[Dataset records — start]
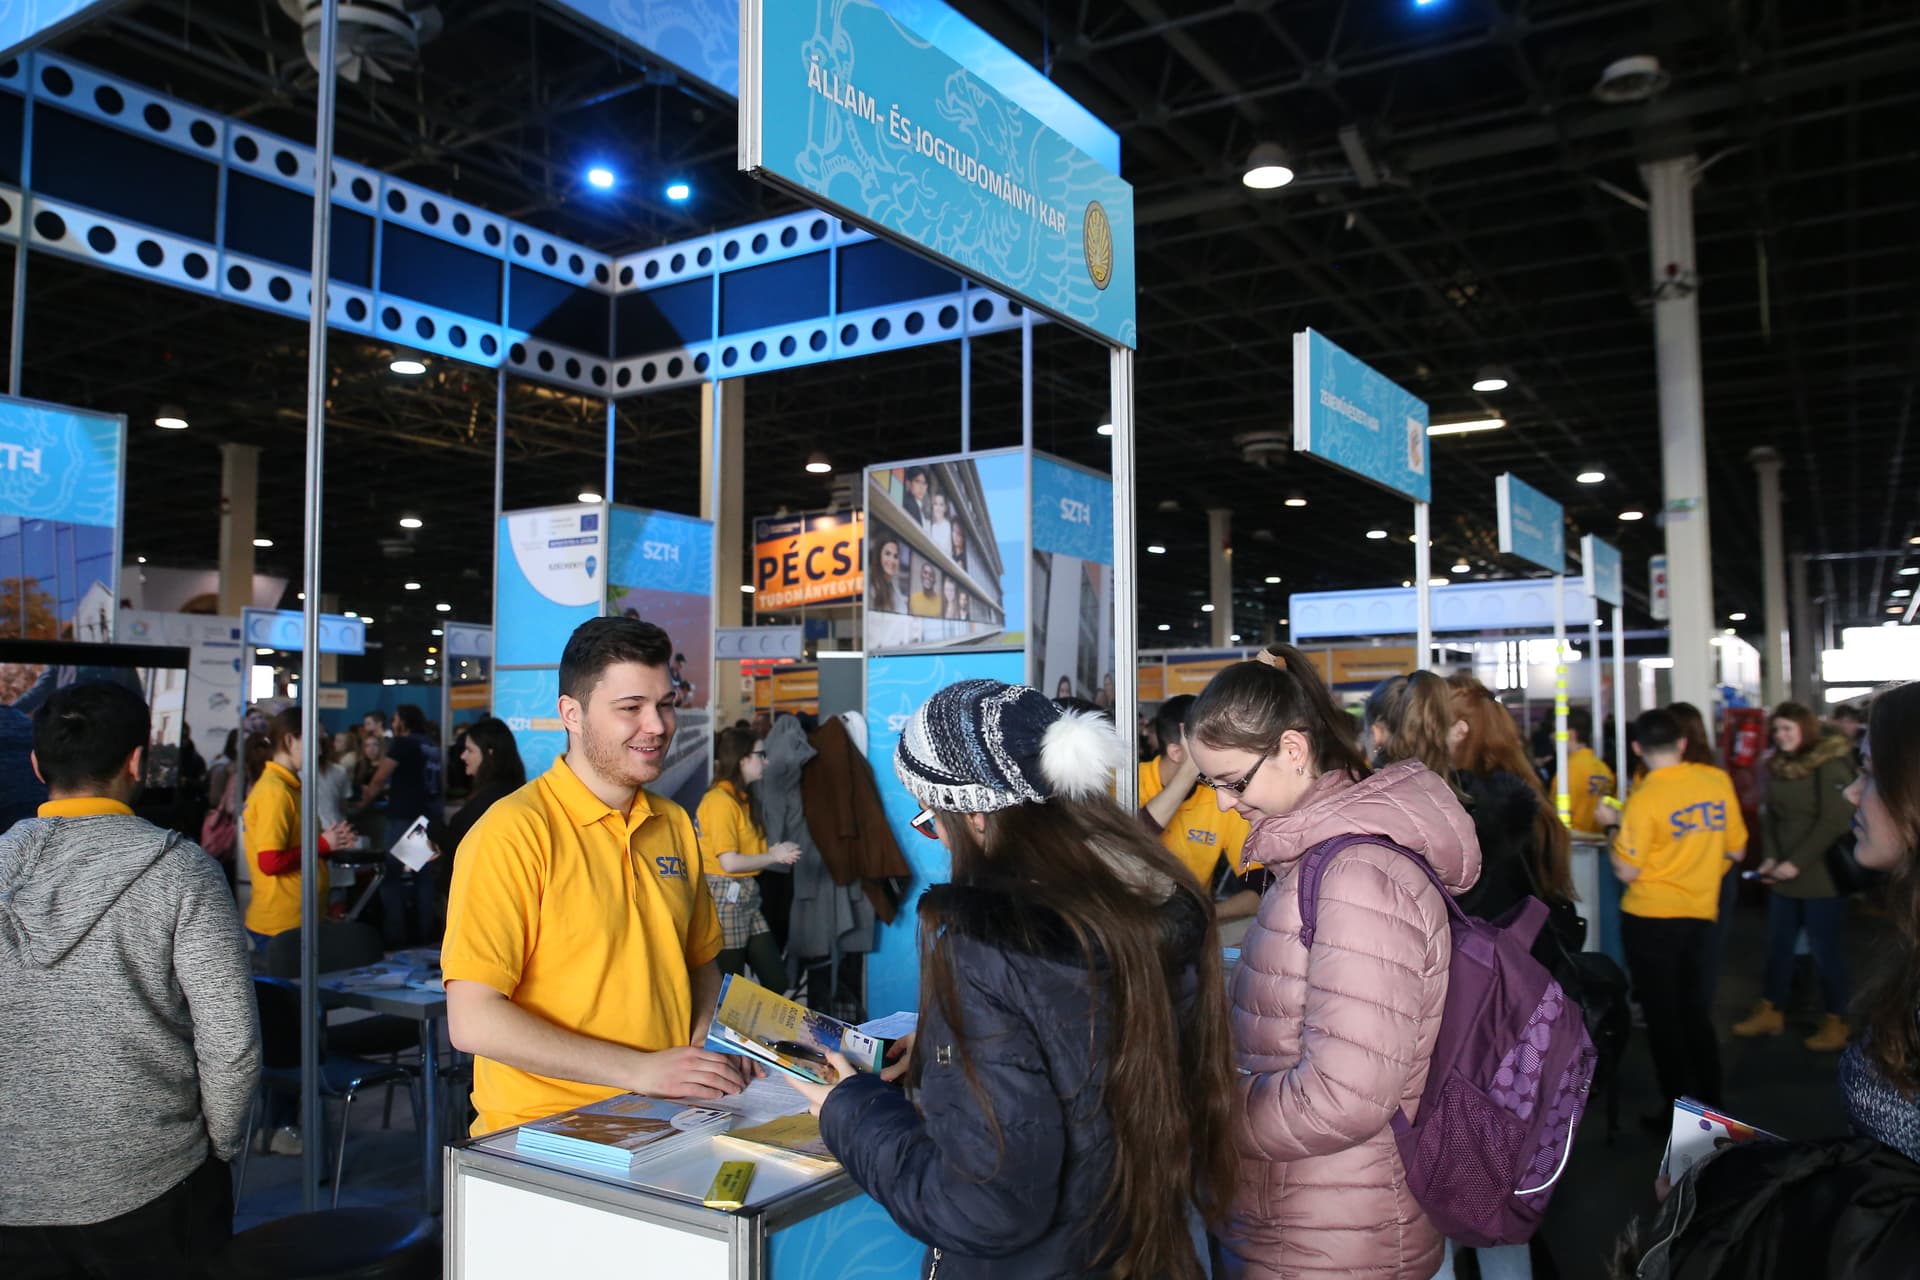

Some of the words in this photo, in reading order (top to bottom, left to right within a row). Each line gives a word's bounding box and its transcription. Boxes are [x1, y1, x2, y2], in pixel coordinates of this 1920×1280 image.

[807, 55, 884, 125] ÁLLAM-
[889, 103, 912, 145] ÉS
[915, 125, 1037, 219] JOGTUDOMÁNYI
[1038, 200, 1067, 236] KAR
[0, 442, 41, 475] TE
[642, 540, 680, 563] SZTE
[1668, 799, 1726, 838] SZTE
[1187, 828, 1217, 847] SZTE
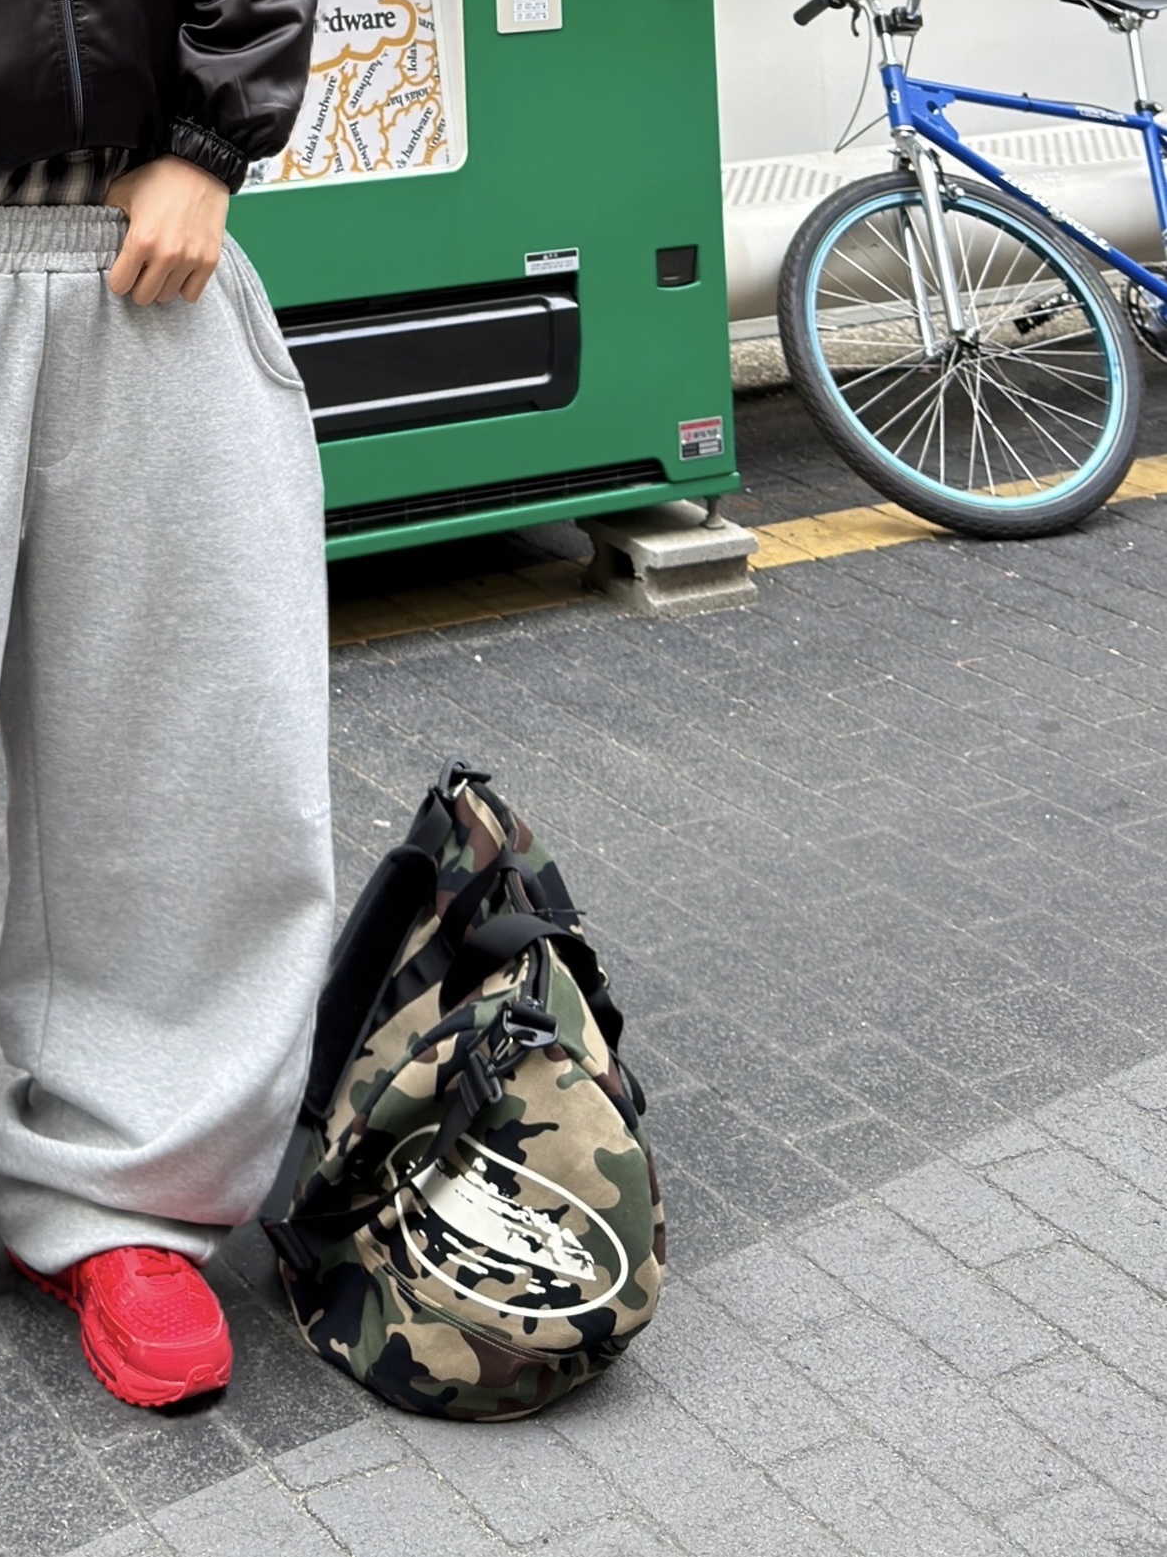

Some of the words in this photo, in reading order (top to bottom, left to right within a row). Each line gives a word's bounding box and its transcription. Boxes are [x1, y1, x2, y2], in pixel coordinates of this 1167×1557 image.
[Dataset records — finish]
Problem requirements ▸ With the pictures omitted, restate every entry above word for word.

Your solution ▸
Some of the words in this photo, in reading order (top to bottom, left to right within a row). Each line gives a word's bounding box and its transcription. Boxes are [x1, y1, x2, y2], in pixel coordinates of this 1920×1280 image.

[807, 55, 884, 125] ÁLLAM-
[889, 103, 912, 145] ÉS
[915, 125, 1037, 219] JOGTUDOMÁNYI
[1038, 200, 1067, 236] KAR
[0, 442, 41, 475] TE
[642, 540, 680, 563] SZTE
[1668, 799, 1726, 838] SZTE
[1187, 828, 1217, 847] SZTE

Some of the words in this photo, in reading order (top to bottom, left to right within a row). Each line gives a word's bounding box and its transcription. Boxes are [x1, y1, x2, y2], in pixel coordinates of this 1167×1557 image.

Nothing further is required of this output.